Intel VTune Amplifier XE also provides a task annotation API that you can use to annotate your
source. Then, when you study your results in VTune, it can display which tasks are executing.
For instance, if you label the stages of your pipeline they will be marked in the timeline, and
hovering over them will reveal further details. This makes profiling data much easier to
understand.
18 | P a g e
4. Performance Tips for Intel® Processor Graphics Gen9
The new closer to the metal programming APIs give developers control over low-level design
choices that used to be buried in the device driver. With great power comes great responsibility,
so you are going to need debug libraries and good visualization tools to find those hotspots and
stalls in your code.
There are many similarities between the different APIs that run on Intel Processor Graphics. In
this section, we'll take a closer look at how to maximize performance when designing and
engineering applications for use with Intel Core processors. The performance recommendations
in this section are relevant to all APIs interacting with Intel Processor Graphics. Specific
recommendations for OpenGL, Direct3D, Vulkan, and Metal appear in subsequent chapters.

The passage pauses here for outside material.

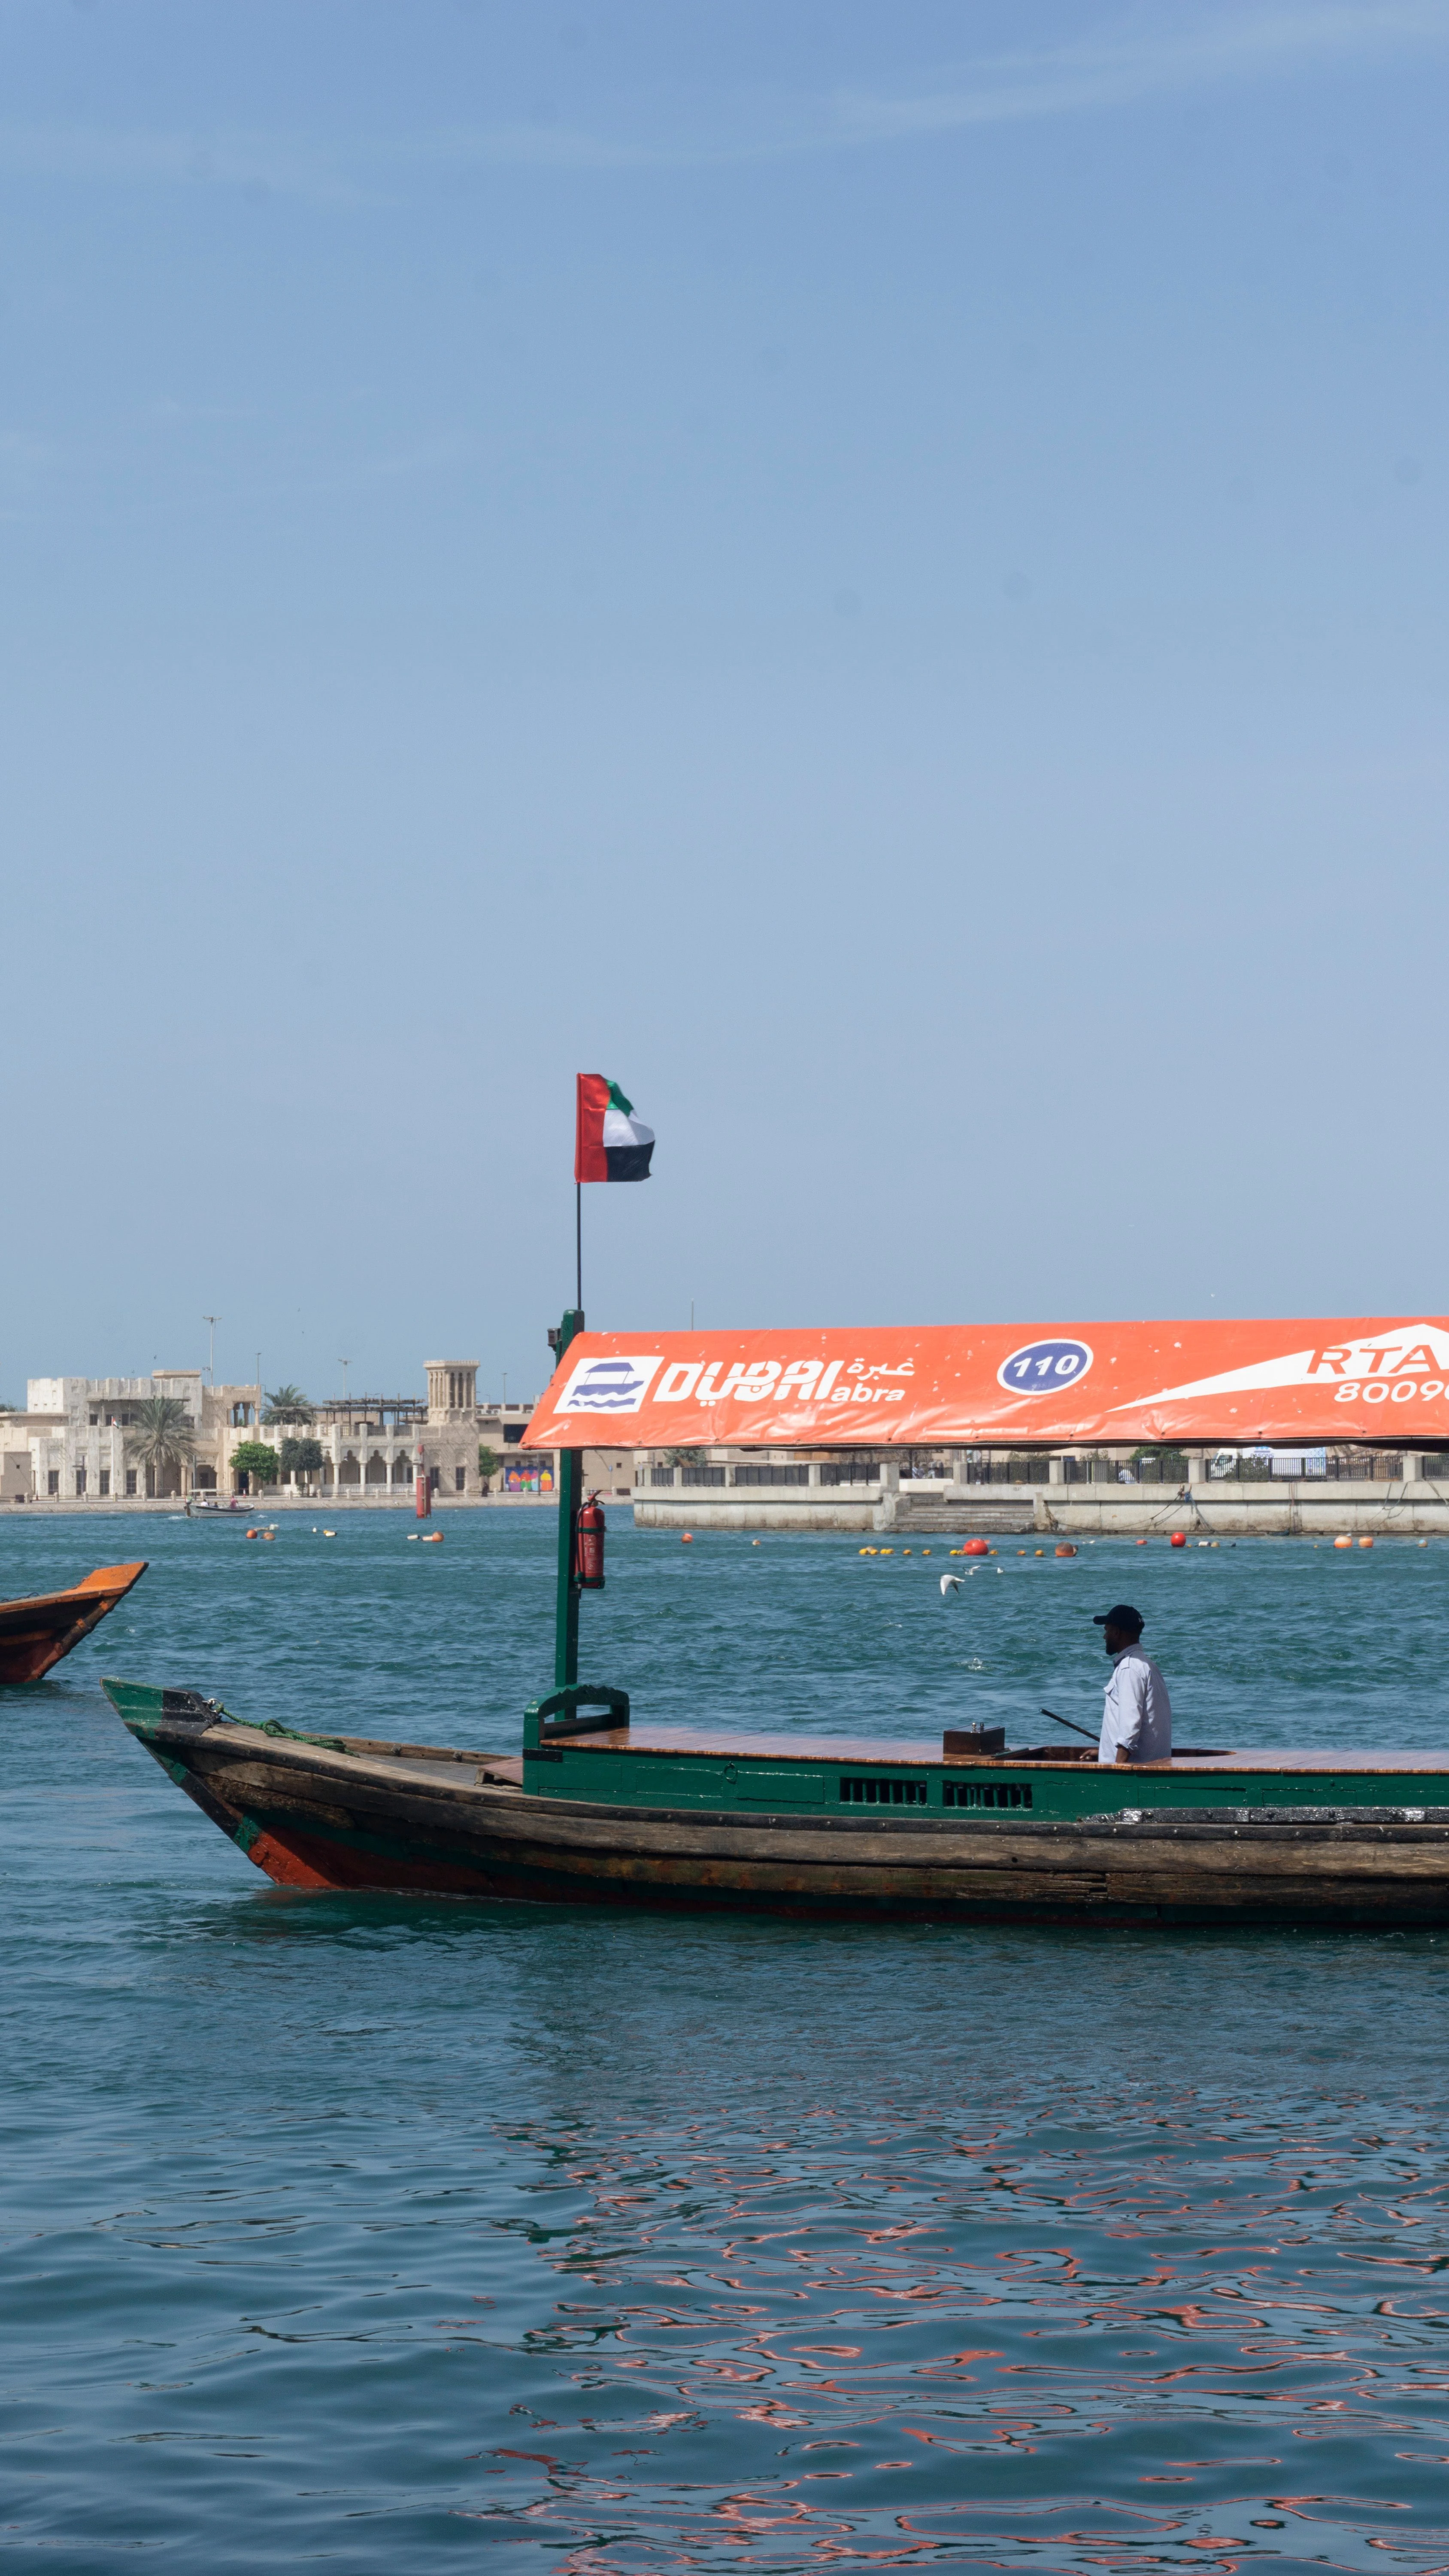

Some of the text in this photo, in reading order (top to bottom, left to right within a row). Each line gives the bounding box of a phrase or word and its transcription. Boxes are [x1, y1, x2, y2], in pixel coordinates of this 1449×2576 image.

To achieve the best performance when performing clear, copy, or update operations on
resources, please follow these guidelines:
Use the provided API functions for clear, copy, and update needs. Do not implement
your own version of the API calls in the 3D pipeline.
Enable hardware ‘fast clear’ as specified, and utilize 0 or 1 for each channel in the
clear color for color or depth. For example, RGBA <0,0,0,1> will clear to black using a
fast clear operation.
Copy depth and stencil surfaces only as needed instead of copying both
unconditionally.
Use the following guidelines to achieve the best performance from a render target:
Use as few render targets as you can. Combine render targets when possible.
Define the appropriate format for rendering; that is, avoid defining unnecessary
channels or higher-precision formats when not needed.
Avoid using sRGB formats where unnecessary.
19 | P a g e
Texture Sampling and Texture Definition
Sampling is a common shader operation, and it is important to optimize both the definition of
surfaces sampled along with the sampling operations. Follow these guidelines to achieve the best
performance when sampling:
When sampling from a render target, avoid sampling across levels in the surface
with instructions like sample l.
Make use of API-defined compression formats (BC1-BC7) to reduce memory
bandwidth and improve locality of memory accesses when sampling.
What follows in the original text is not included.